About this task:
Omit images. Retype all entries verbatim.

[Supplied records — start]

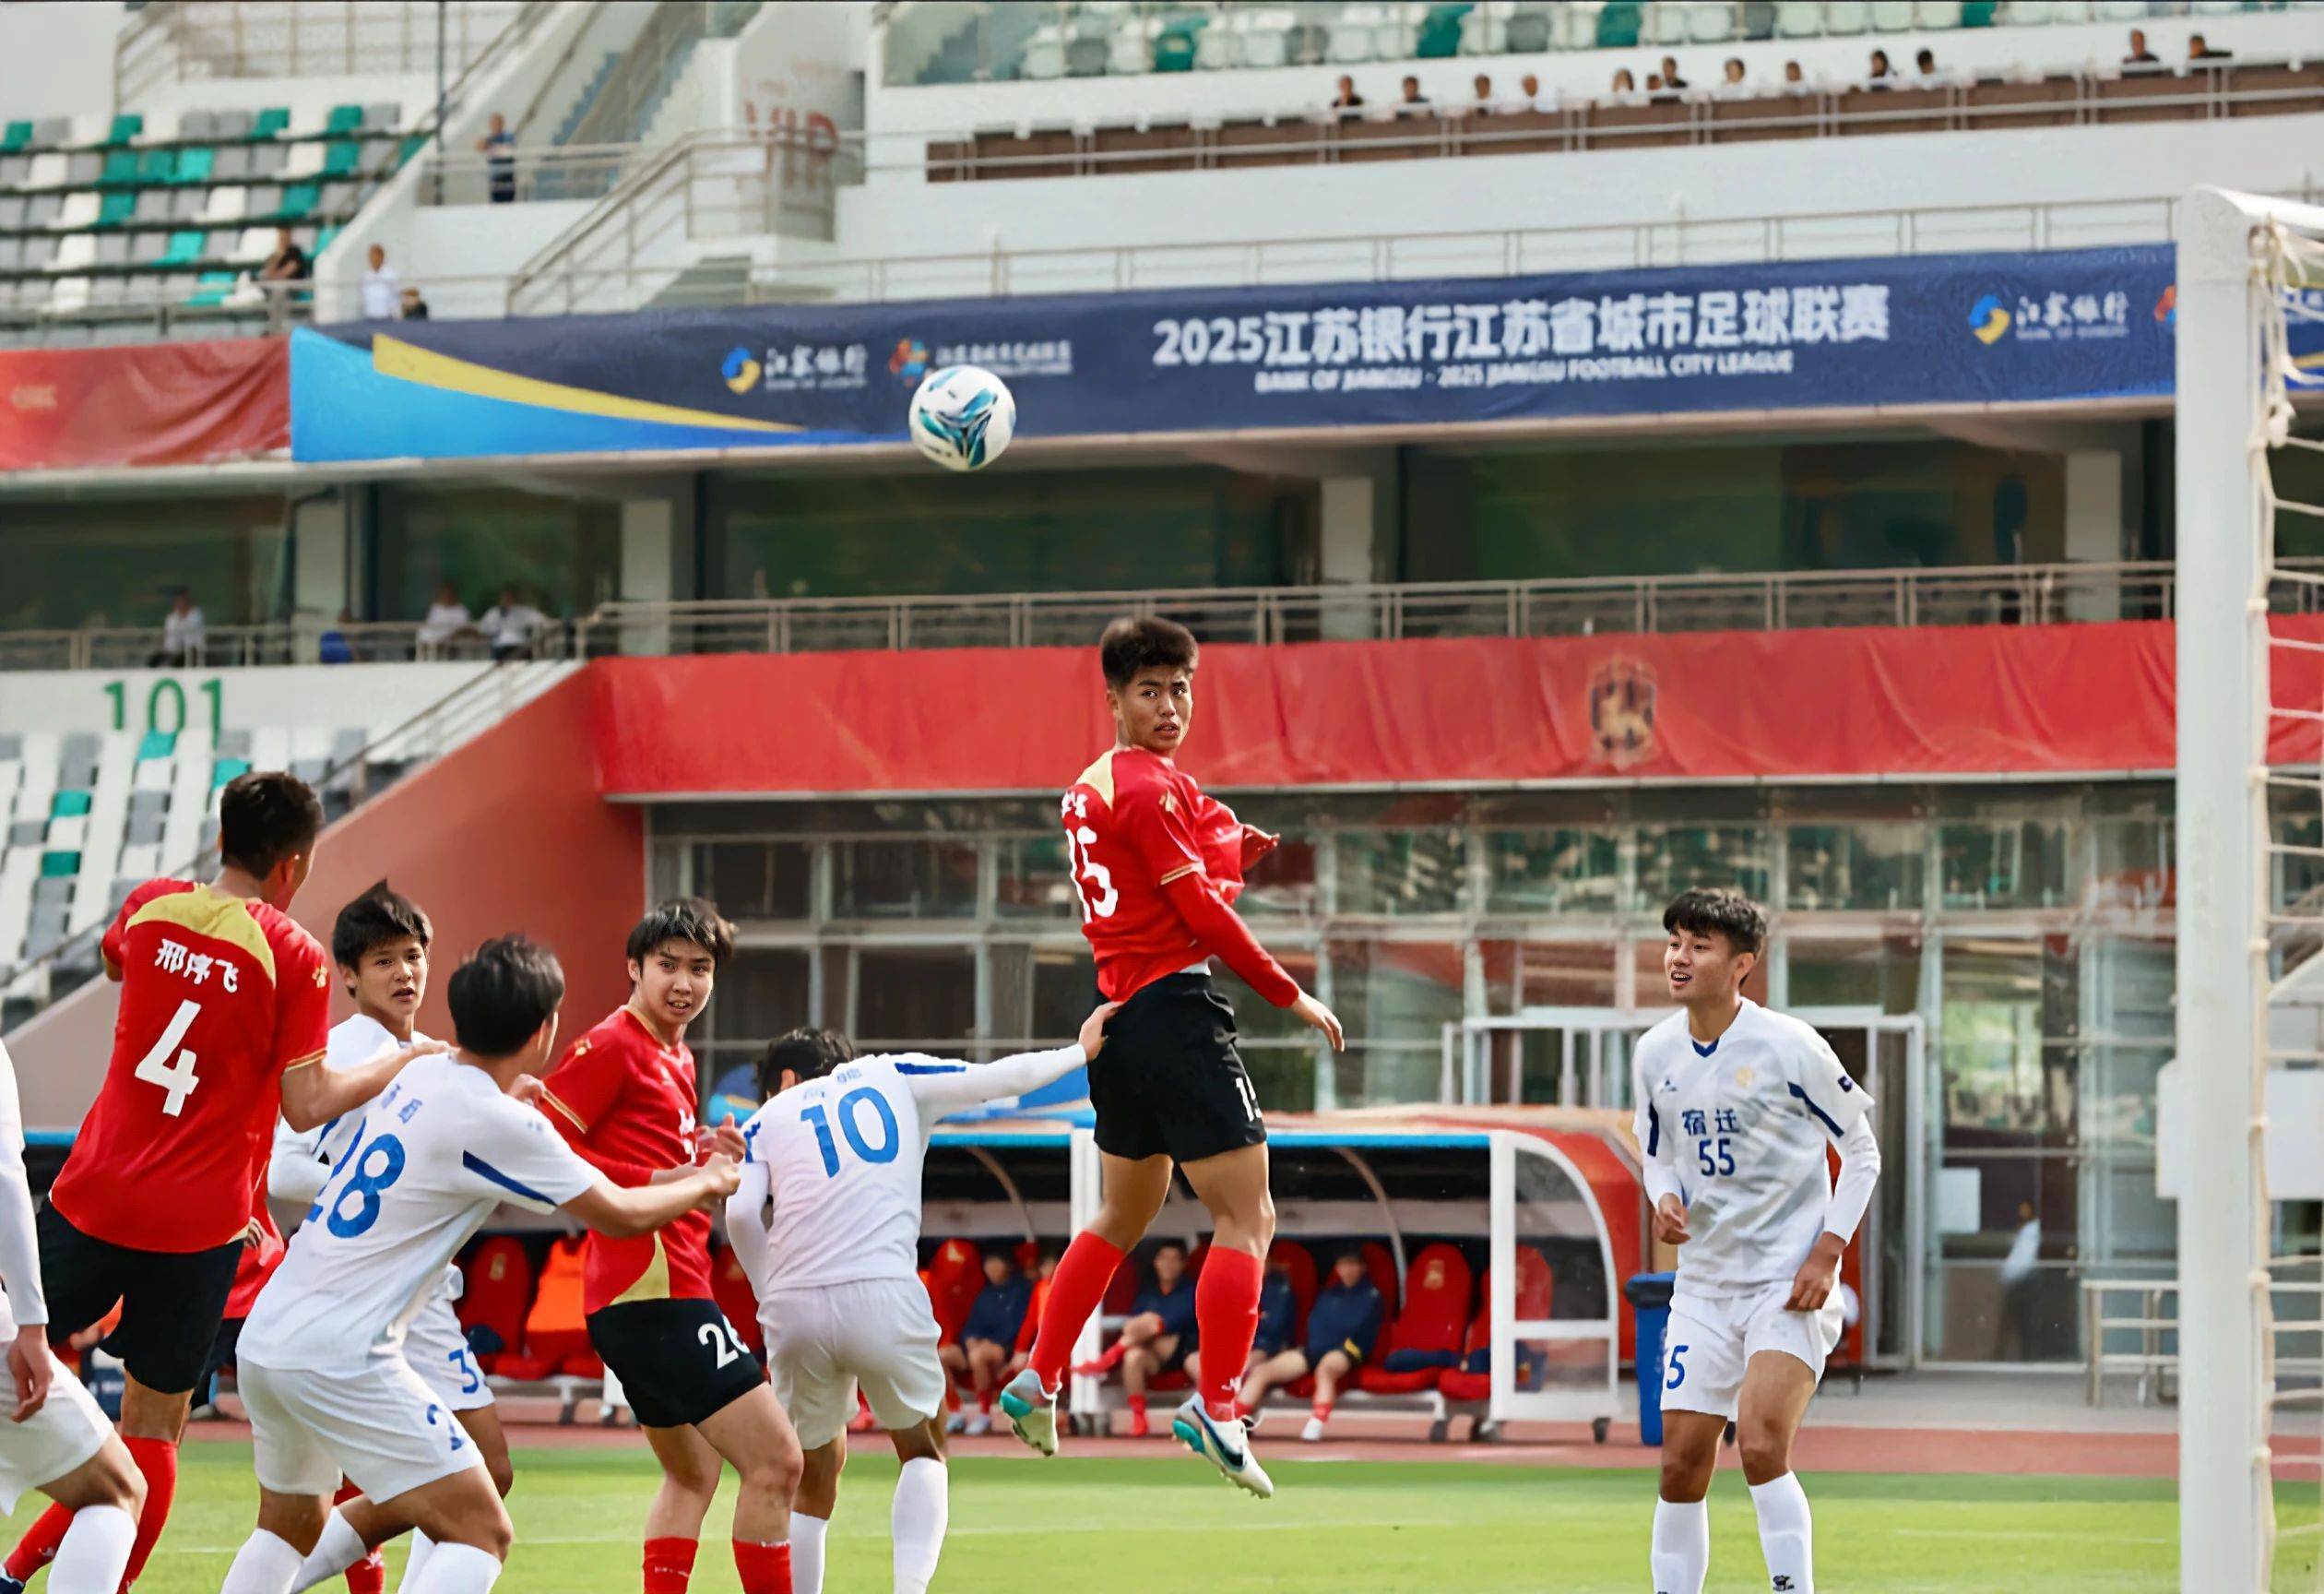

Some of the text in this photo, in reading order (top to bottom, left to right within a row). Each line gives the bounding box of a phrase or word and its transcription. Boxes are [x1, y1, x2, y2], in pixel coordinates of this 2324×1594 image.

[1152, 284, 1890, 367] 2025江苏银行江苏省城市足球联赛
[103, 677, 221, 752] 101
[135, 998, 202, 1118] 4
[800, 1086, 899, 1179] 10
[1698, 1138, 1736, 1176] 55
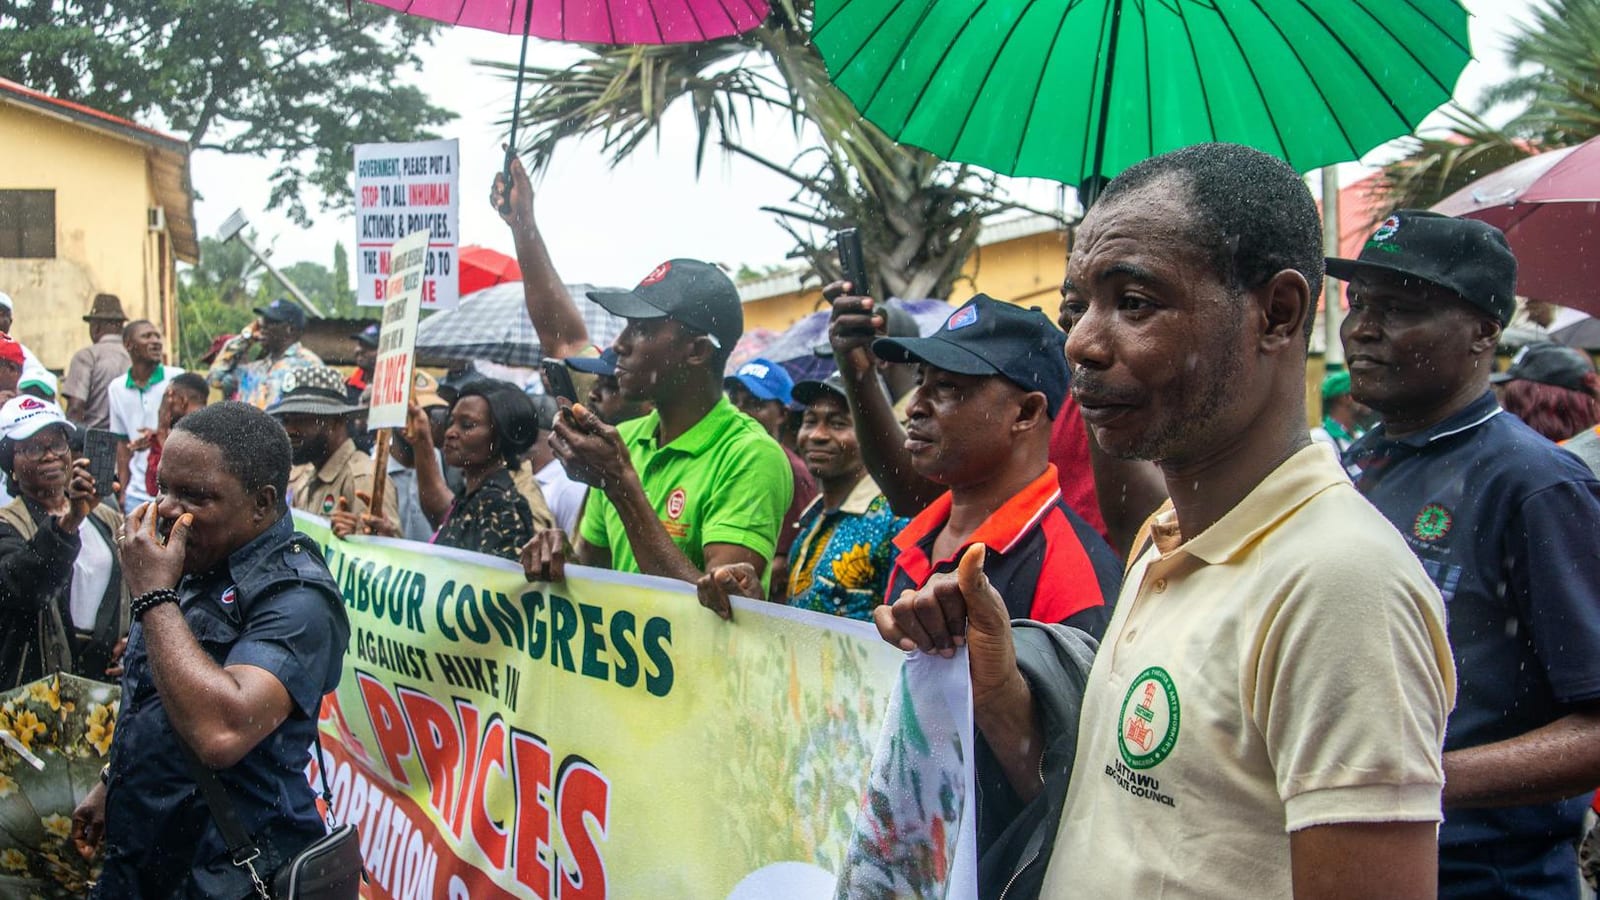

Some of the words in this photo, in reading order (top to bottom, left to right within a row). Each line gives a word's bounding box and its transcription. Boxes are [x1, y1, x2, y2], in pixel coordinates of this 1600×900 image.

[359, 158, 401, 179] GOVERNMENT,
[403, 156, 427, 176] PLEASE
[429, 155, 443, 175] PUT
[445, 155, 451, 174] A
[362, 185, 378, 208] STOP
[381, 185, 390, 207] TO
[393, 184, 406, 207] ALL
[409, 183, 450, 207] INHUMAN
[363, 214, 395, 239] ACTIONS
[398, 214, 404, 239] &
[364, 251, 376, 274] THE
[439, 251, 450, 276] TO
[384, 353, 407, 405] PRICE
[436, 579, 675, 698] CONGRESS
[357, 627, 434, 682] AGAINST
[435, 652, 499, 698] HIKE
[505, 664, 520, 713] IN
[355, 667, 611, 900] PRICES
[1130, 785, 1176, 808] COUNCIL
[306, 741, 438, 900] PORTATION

[Supplied records — finish]

Reply:
Some of the text in this photo, in reading order (top to bottom, left to right within a row). Each line gives the bounding box of a phrase or word and its transcription. Boxes are [x1, y1, x2, y2], in pixel coordinates of this 2324×1594 image.

[1152, 284, 1890, 367] 2025江苏银行江苏省城市足球联赛
[103, 677, 221, 752] 101
[135, 998, 202, 1118] 4
[800, 1086, 899, 1179] 10
[1698, 1138, 1736, 1176] 55

Some of the words in this photo, in reading order (top to bottom, left to right within a row). Each line gives a word's bounding box and its transcription. Boxes are [x1, y1, x2, y2], in pixel coordinates of this 1600×900 image.

[359, 158, 401, 179] GOVERNMENT,
[403, 156, 427, 176] PLEASE
[429, 155, 443, 175] PUT
[445, 155, 451, 174] A
[362, 185, 378, 208] STOP
[381, 185, 390, 207] TO
[393, 184, 406, 207] ALL
[409, 183, 450, 207] INHUMAN
[363, 214, 395, 239] ACTIONS
[398, 214, 404, 239] &
[364, 251, 376, 274] THE
[439, 251, 450, 276] TO
[384, 353, 407, 405] PRICE
[436, 579, 675, 698] CONGRESS
[357, 627, 434, 682] AGAINST
[435, 652, 499, 698] HIKE
[505, 664, 520, 713] IN
[355, 667, 611, 900] PRICES
[1130, 785, 1176, 808] COUNCIL
[306, 741, 438, 900] PORTATION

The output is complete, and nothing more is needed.